(Beginning of GIVEN DATA)

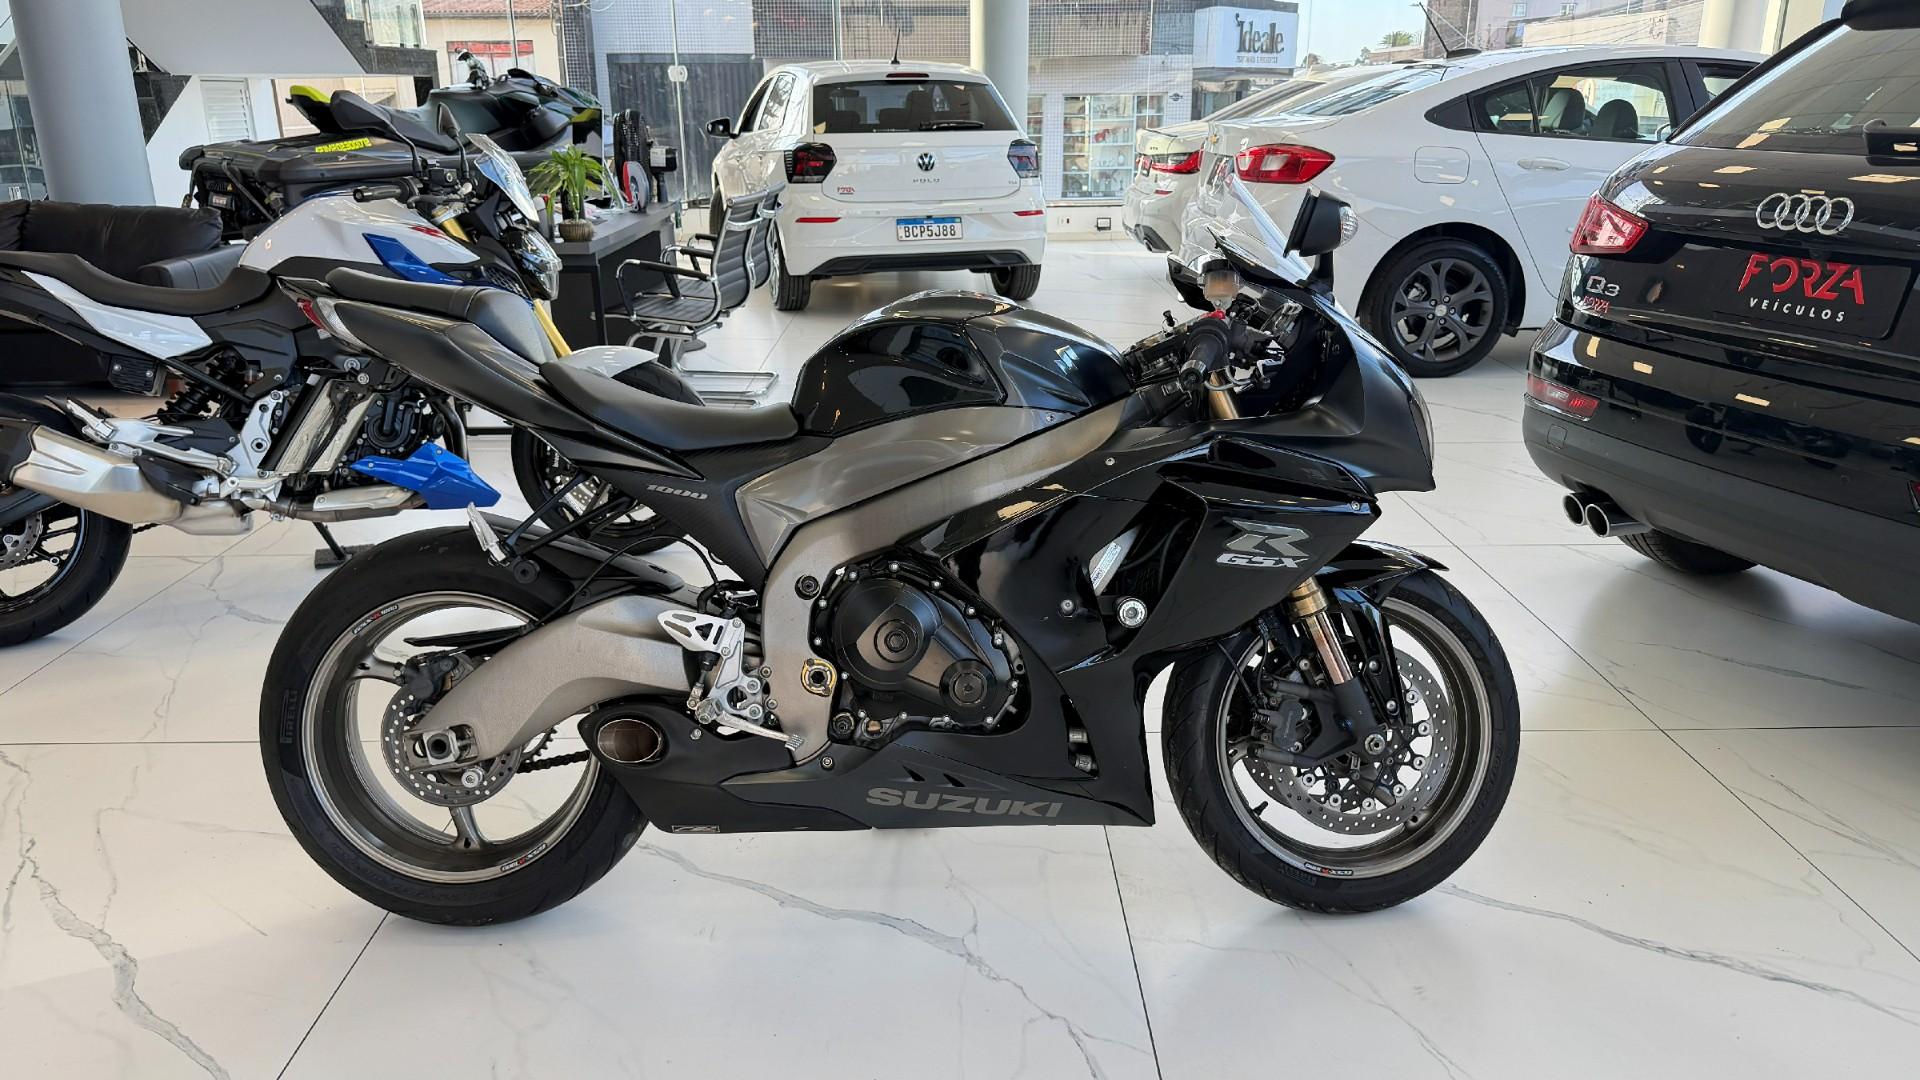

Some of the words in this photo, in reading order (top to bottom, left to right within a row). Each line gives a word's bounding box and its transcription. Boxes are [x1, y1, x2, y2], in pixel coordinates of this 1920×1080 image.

[903, 225, 957, 239] BCP5J88
[1585, 275, 1620, 297] Q3
[1737, 253, 1866, 306] FORZA
[1749, 297, 1846, 323] VEÍCULOS
[646, 484, 708, 500] 1000
[1215, 552, 1310, 569] GSX
[866, 787, 1065, 818] SUZUKI
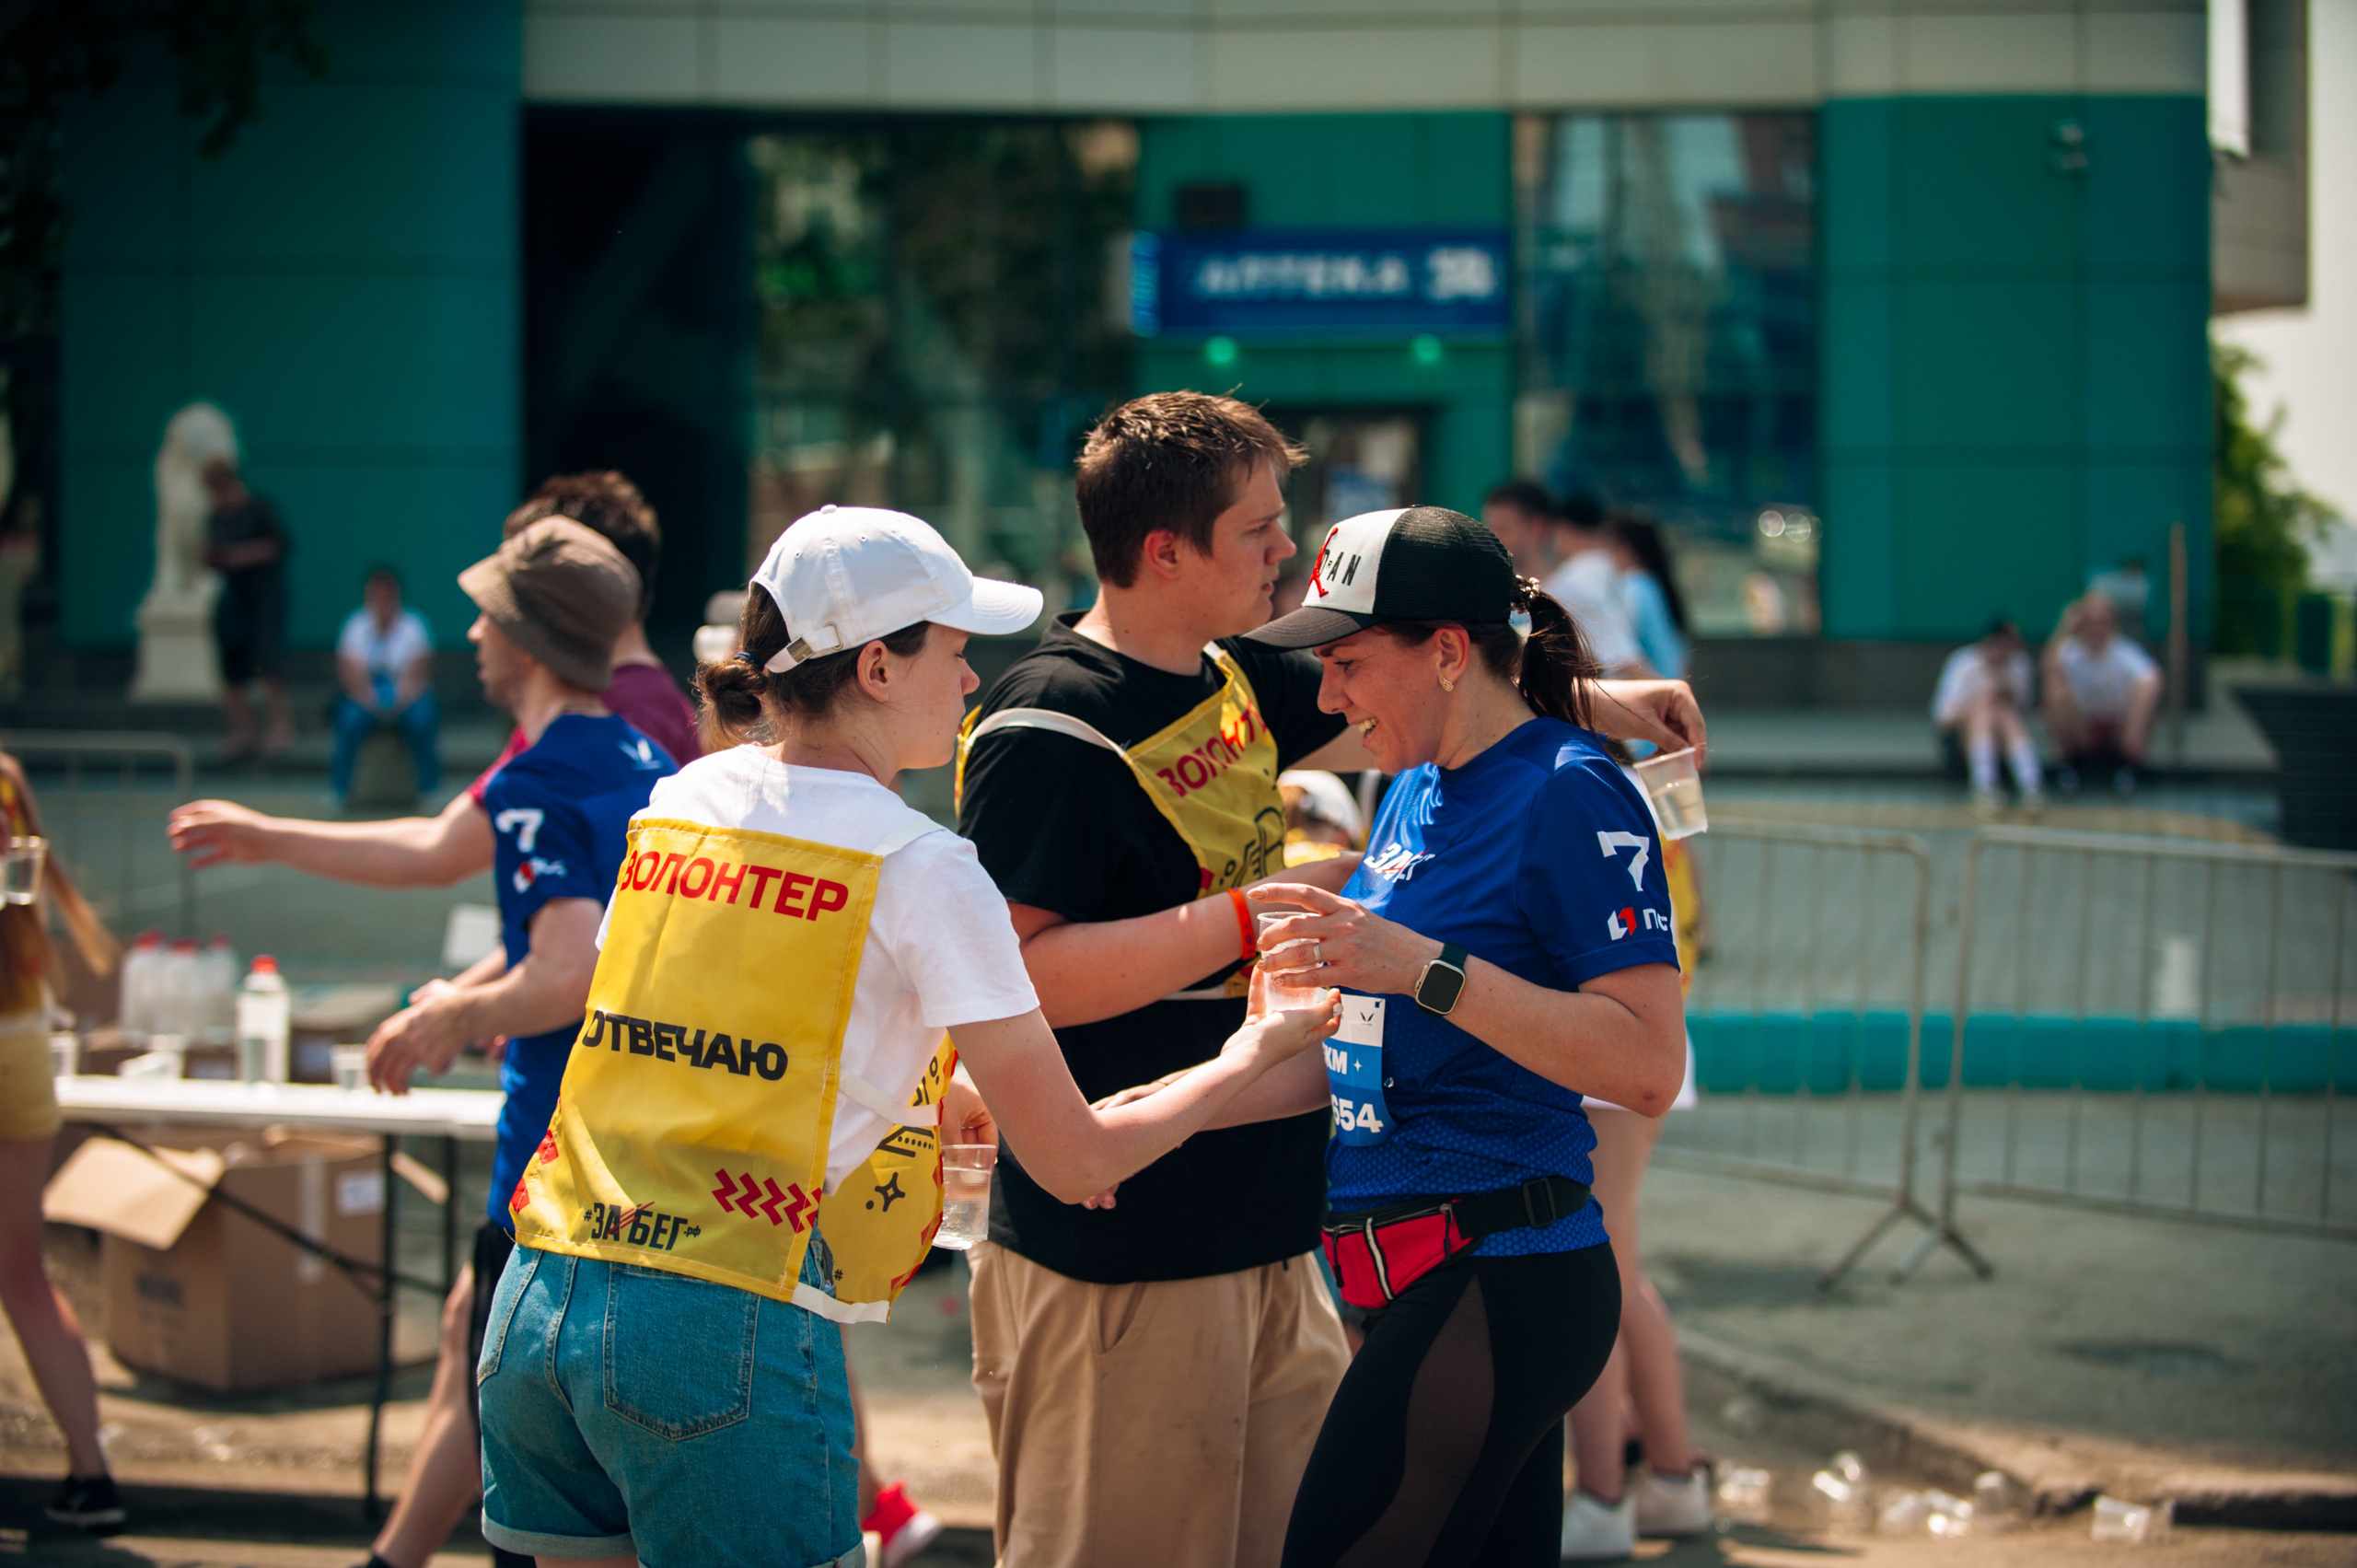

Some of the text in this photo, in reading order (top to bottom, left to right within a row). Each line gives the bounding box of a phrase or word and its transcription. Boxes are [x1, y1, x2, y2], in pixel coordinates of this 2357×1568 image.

[495, 807, 544, 853] 7
[1596, 830, 1650, 892] 7
[620, 850, 850, 922] ВОЛОНТЕР
[582, 1009, 789, 1082] ОТВЕЧАЮ

(End of GIVEN DATA)

__WORK REQUEST__: For the material above, repeat each line exactly and leave out the pictures.

__COMPLETED EXERCISE__:
Some of the words in this photo, in reading order (top to bottom, left to right within a row). Each line gives a word's bounding box and its transcription. Boxes are [x1, y1, x2, y2], in pixel coordinates of this 1920×1080 image.

[903, 225, 957, 239] BCP5J88
[1585, 275, 1620, 297] Q3
[1737, 253, 1866, 306] FORZA
[1749, 297, 1846, 323] VEÍCULOS
[646, 484, 708, 500] 1000
[1215, 552, 1310, 569] GSX
[866, 787, 1065, 818] SUZUKI

Some of the text in this photo, in reading order (top to bottom, left to right within a row). Each line gives the bounding box of a phrase or word and its transcription. Boxes are [x1, y1, x2, y2], in pixel coordinates of this 2357×1568 image.

[495, 807, 544, 853] 7
[1596, 830, 1650, 892] 7
[620, 850, 850, 922] ВОЛОНТЕР
[582, 1009, 789, 1082] ОТВЕЧАЮ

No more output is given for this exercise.